Correction of the patient‐specific pathogenic CCM1 variant and comparison of CCM1^+/+, CCM1^+/− and CCM1^−/− BOECs by immunofluorescence. (a) crRNA and PAM sequence at the CCM1 allele c.2012delA (arrow). (b) Strategy of HDR‐mediated correction of a pathogenic CCM1 variant (red triangle) with CRISPR/Cas9 genome editing. ssODN = single‐strand oligodeoxynucleotide, orange star = silent SNV. (c) Amplicon deep sequencing results after CRISPR/Cas9 genome editing. The variant read frequencies before and after CRISPR/Cas9 transfection are given next to the sequence alignments. (d) T7 endonuclease I cleavage of PCR products from untreated (U) and treated (T) cells spanning possible off‐target sites. Ladder bands are given in base pairs (bp). (e) Characterization of the knockout cell mixture (left), the unmodified, patient‐derived BOECs (middle), and the corrected cell mixture (right).

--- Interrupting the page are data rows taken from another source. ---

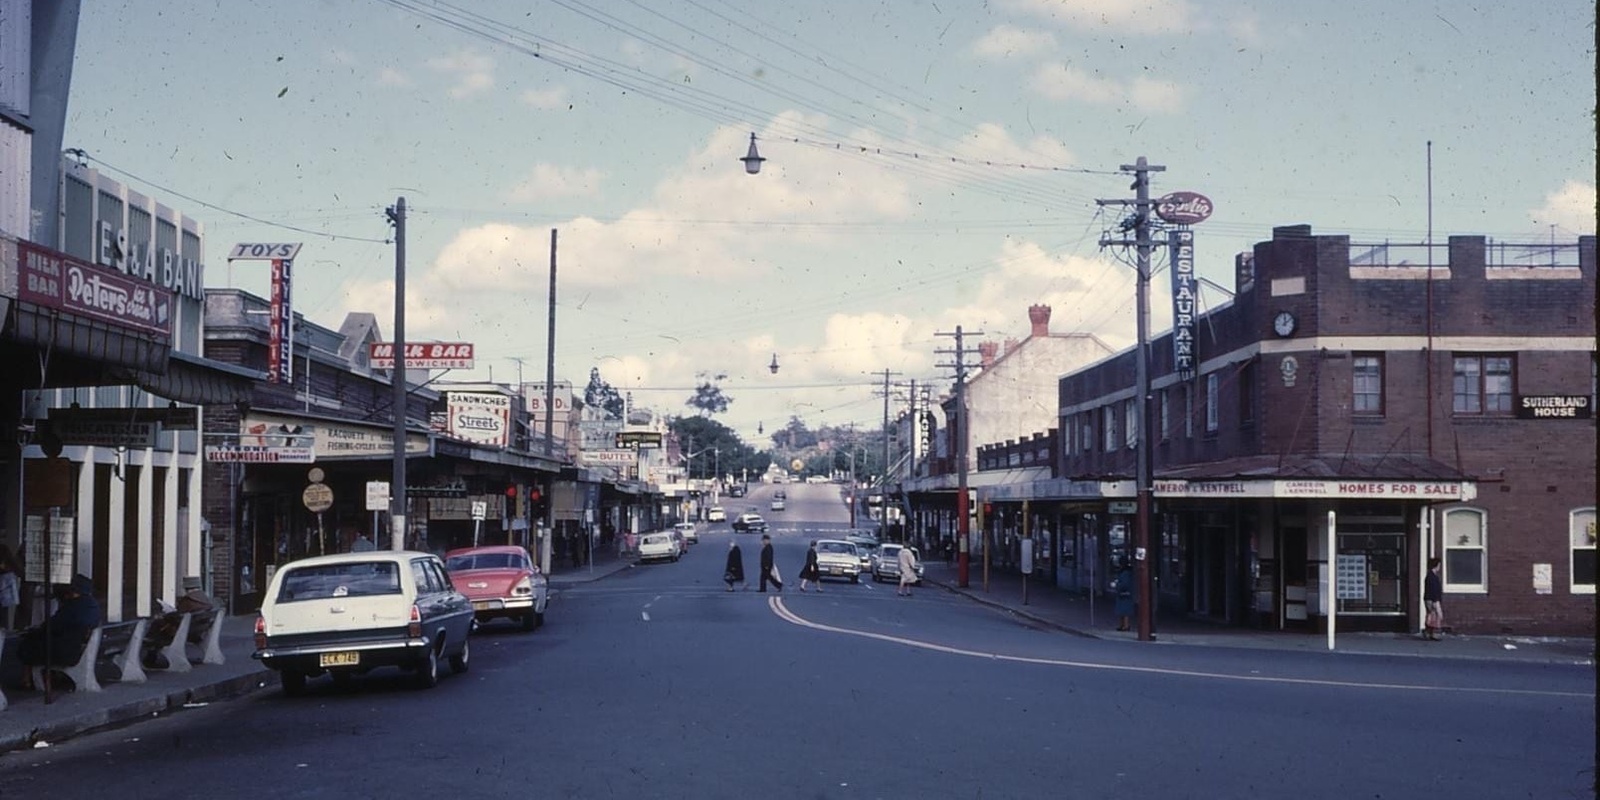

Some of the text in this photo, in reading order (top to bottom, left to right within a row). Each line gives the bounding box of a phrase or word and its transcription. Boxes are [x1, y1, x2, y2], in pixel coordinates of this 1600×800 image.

[237, 244, 293, 257] TOYS
[27, 251, 60, 276] MILK
[163, 247, 205, 300] BANK
[28, 273, 60, 298] BAR
[68, 266, 128, 316] Peters
[1177, 232, 1194, 368] RESTAURANT
[269, 263, 281, 384] SPORTS
[281, 261, 291, 381] CYCLES
[373, 345, 471, 358] MLK BAR
[379, 360, 466, 368] SADWICHES
[450, 394, 507, 406] SANDWICHES
[1522, 396, 1588, 408] SUTHERLAND
[1534, 407, 1576, 417] HOUSE
[458, 414, 500, 431] Streets
[209, 452, 279, 461] ACCOMMODATION
[1154, 483, 1190, 493] AMERON
[1201, 483, 1246, 493] KENTWELL
[1339, 483, 1458, 495] HOMES FOR SALE

Visualization of the cytoskeleton using phalloidin reveals a regular F‐actin organization without the formation of stress fibers in the patients‐derived and corrected BOEC mixtures while CCM1^‐/‐ cells demonstrated stress fiber bundles (upper panel). The strongest expression of the transcription factor KLF4 can be found in the knockout cell mixture when compared to unmodified and corrected BOECs (lower panel)